Historian Alan Taylor '77 once again turns his deft hand to a portrait of a particular American place in a rollicking time. As he did in Liberty Men and Great Proprietors (University of North Carolina Press, 1990), Taylor serves up an engrossing tale of entrepreneurship--and skullduggery--in the early United States.
William Cooper, who came from humble, Pennsylvania Quaker stock, learned as a young man how to manipulate political and economic circumstances to his own advantage. Displacing a host of more rightful owners, he assumed control of a large tract of land in New York and founded Cooperstown, settling there with his family--including son James Fenimore Cooper. William Cooper eventually became presiding judge and U.S. Congressman from Otsego County.
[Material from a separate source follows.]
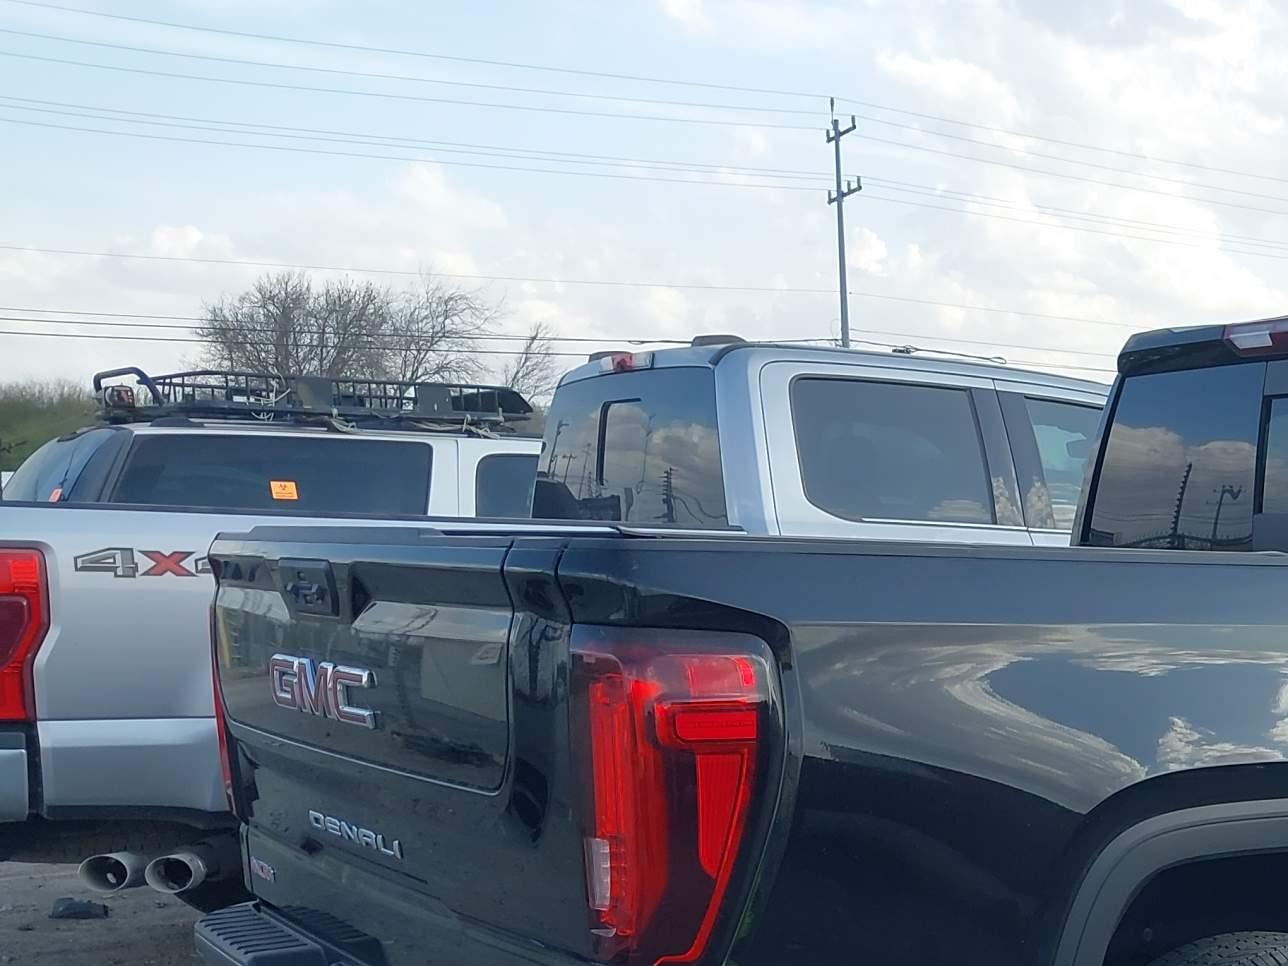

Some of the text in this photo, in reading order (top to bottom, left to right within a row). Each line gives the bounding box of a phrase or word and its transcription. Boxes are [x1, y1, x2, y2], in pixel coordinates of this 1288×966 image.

[74, 547, 212, 578] 4X
[270, 653, 378, 729] GMC
[308, 809, 402, 860] DENALI
James Fenimore Cooper chronicled his father's life and the settling of Otsego County in a novel, The Pioneers. Taylor uses quotations from The Pioneers to provide a loose framework for this book, and they not only help put historical facts in a fascinating second dimension (we look at them from Taylor's viewpoint and from James Fenimore Cooper's), they coincidentally make the reader want to revisit Natty Bumppo, Chingatchgook & Co.
Taylor's exquisite attention to details of place, time and metaphorical setting make this book, winner of the 1995 New York Historical Association Manuscript Award, read like a sprawling novel. Most readers will be hooked from the first page and will hardly look up until the last.